それにしてもどうしたものか。九尾の狐とメリーベルを結び付ける証拠は何もないけれど、私の勘が猛烈に主張している。この事件にも、きっと彼女が一枚噛んでいる。これで捜す対象が2つに増えてしまった。やはり一度戻って那津に助力を乞うべきだろうか。
近付けない悔しさに、もう一度キツネ舎を振り返る。あそこにはもしかしたら、何かメリーベルがそこにいたという証拠が残っているかもしれないのに。いっそのこと、巫女として空から入ってやろうか。空中は警察も管轄外のはずだし。
そう息巻いていたときだった。私が『それ』の存在に気が付いたのは。『それ』はまるで誰かが線を引いたように、そこに描かれていた。地面にとか壁にとかではない。空間自体に固定されている。距離感が掴みづらくて、私の目の前に浮かんでいるようにも見えるけれど、あれは恐らくキツネ舎の周囲に、長さ数メートル程の緩やかな曲線として存在しているのだ。
「……?」
錯覚かと思い目を凝らすも、『それ』が消えることはなかった。しかし警官や飼育員には見えていないようで、それどころか『それ』と彼らは全く干渉することなくすり抜けてしまう。陽炎だろうか? この秋雨の中で?

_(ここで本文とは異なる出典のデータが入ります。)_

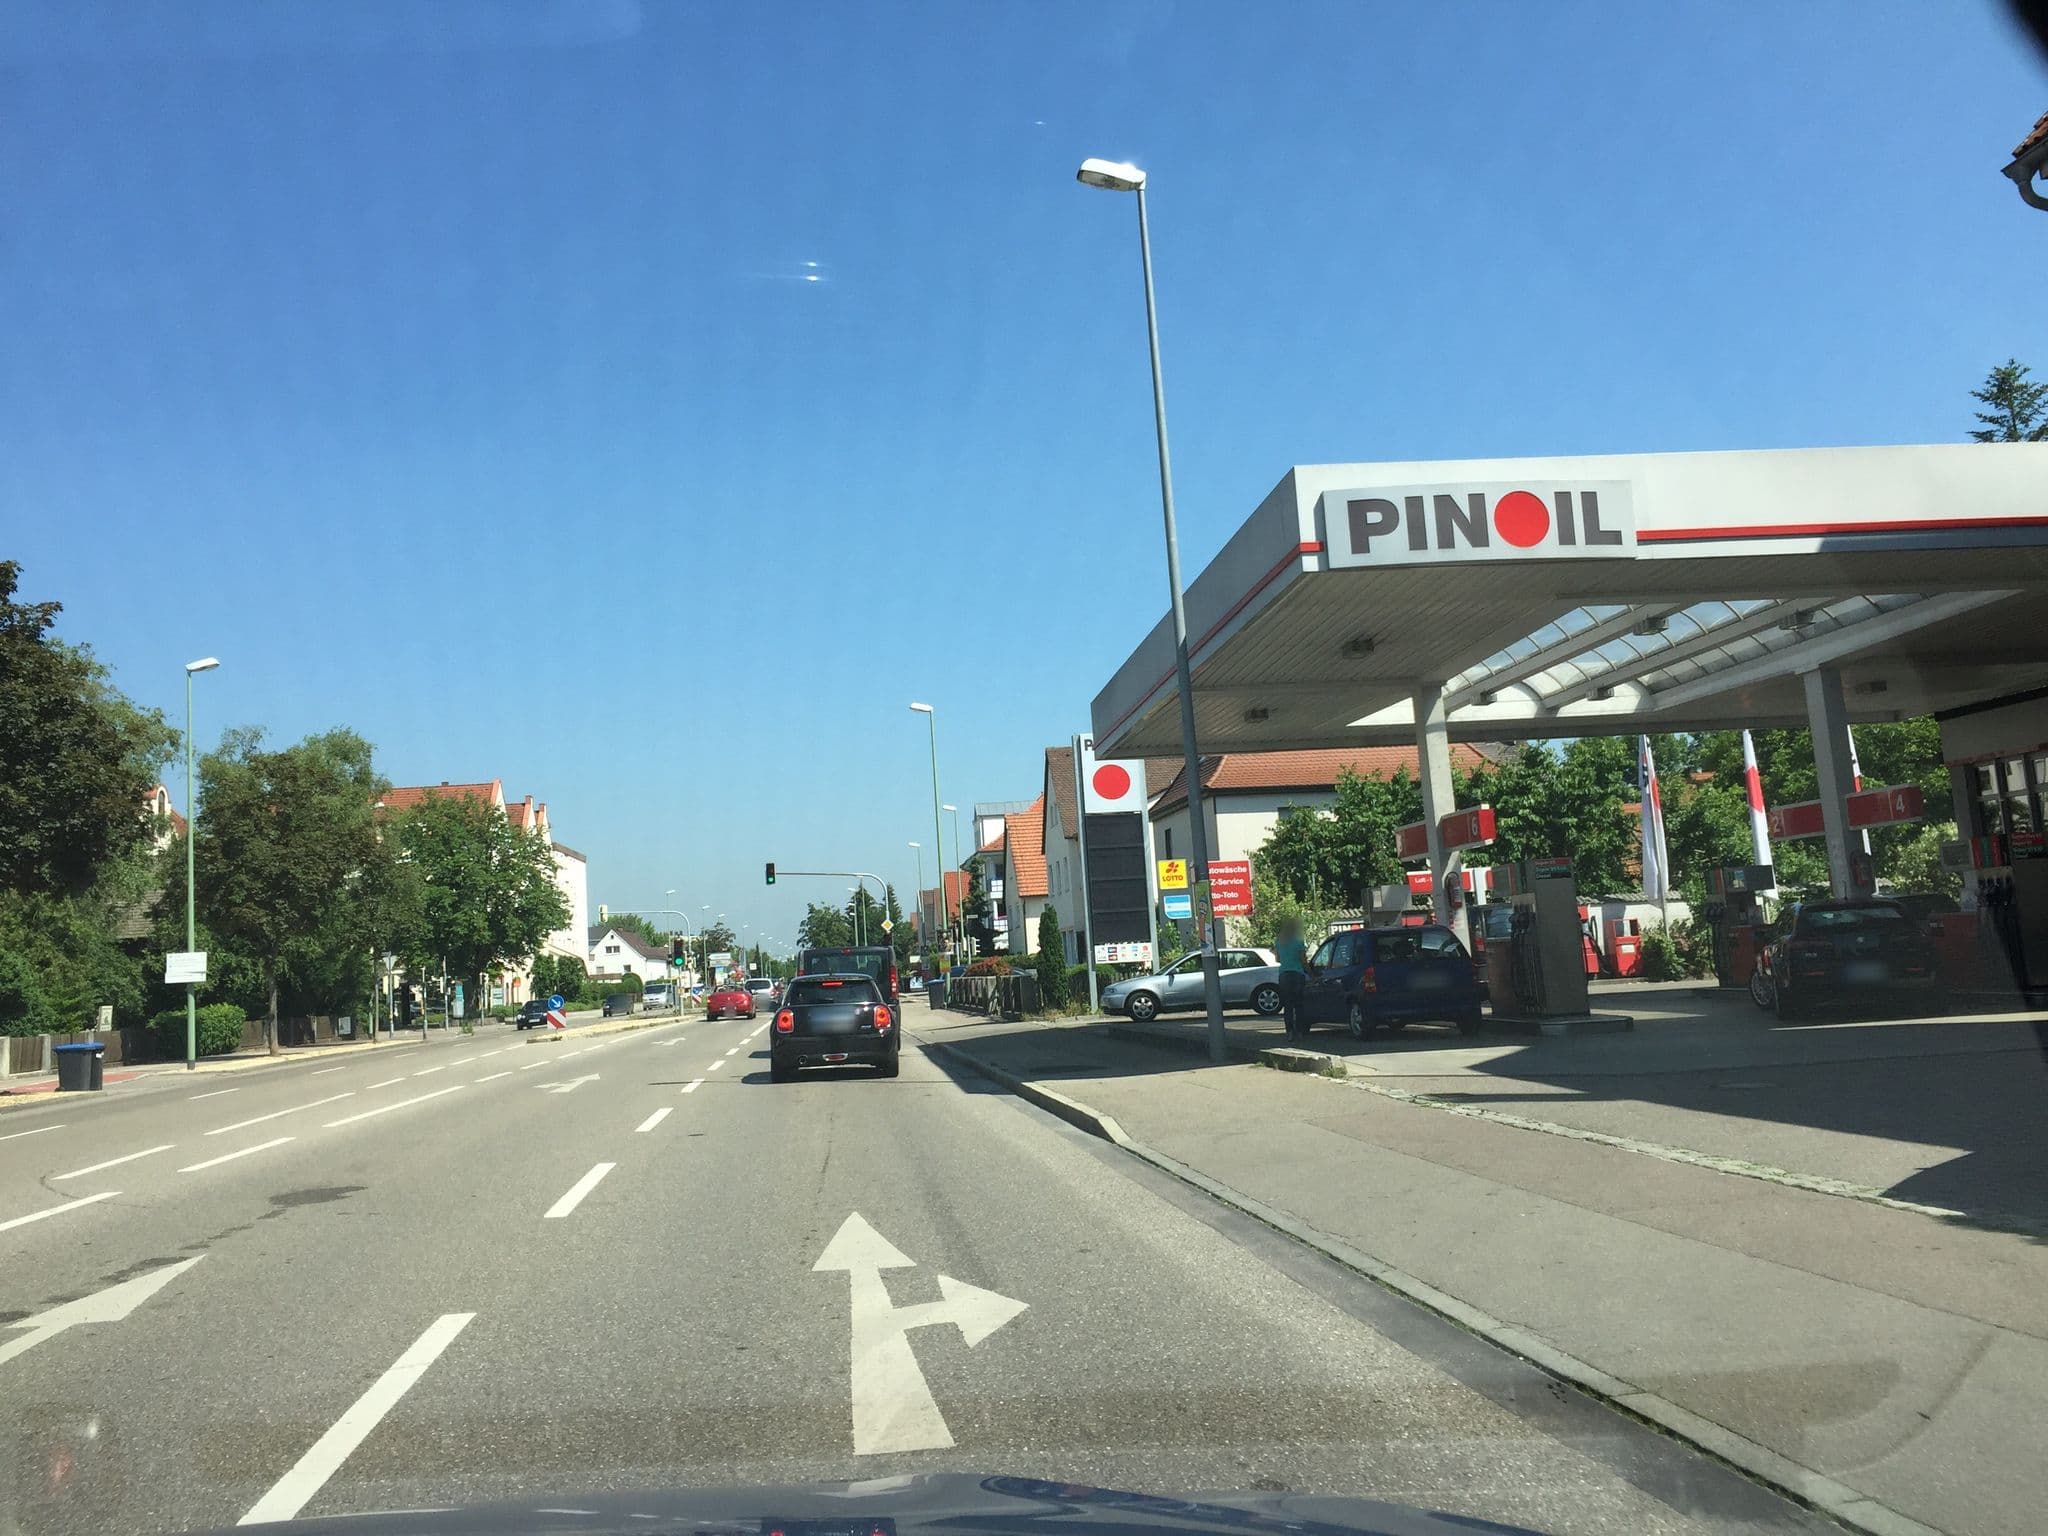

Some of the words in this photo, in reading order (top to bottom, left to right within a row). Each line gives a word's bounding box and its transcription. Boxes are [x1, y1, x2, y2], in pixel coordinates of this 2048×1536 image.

[1347, 490, 1622, 554] PINOIL
[1895, 794, 1904, 812] 4
[1471, 815, 1478, 836] 6

だったらまだ新手の妖怪と考えた方が辻褄は合う。だが『それ』からは、いかなる気配も感じられなかった。妖気どころか、普通の人間が持つ気配ほどのものすら持っていない。そのおかげで、視界から外すとすぐに『それ』の存在記憶が曖昧になってしまう。見つめ続けていなければ見失ってしまいそうなほどの希薄な曲線。
一体、あれは何なのだろう。真剣に首を捻る私の思考を、呑気な声が打ち砕いた。
「 ―― おーい、宇佐見さぁーん!」
昨日聞いたばかりの声だ。私は困惑と共に声の主を振り返る。
「お、岡崎、さん? どうしてここに」
「そりゃあハーンさんを捜すために決まってるじゃないですか。僕の勘が猛烈に主張しているんです。ハーンさんはここに来ていたってね。他に有力な手掛かりもないですし」
にぱっと笑う彼に私は勝手に衝撃を受けた。私の勘がこの人と同じレベルだったとは。
「それにしても、何やら様子がおかしいですが……」
「泥棒が入ったみたいですよ。九尾の狐がいなくなったとか」
「成程、それで近付けないのですか。では僕が掛け合ってみましょう」
「ほ、本当ですか?」
流石、ヘンタイとは言え腐っても帝国陸軍である。警官へと向かうその背中が、初めて大きく頼もしく見えた。岡崎上等兵は警官と暫し掛け合った後、やっぱり満面の笑みで戻ってきた。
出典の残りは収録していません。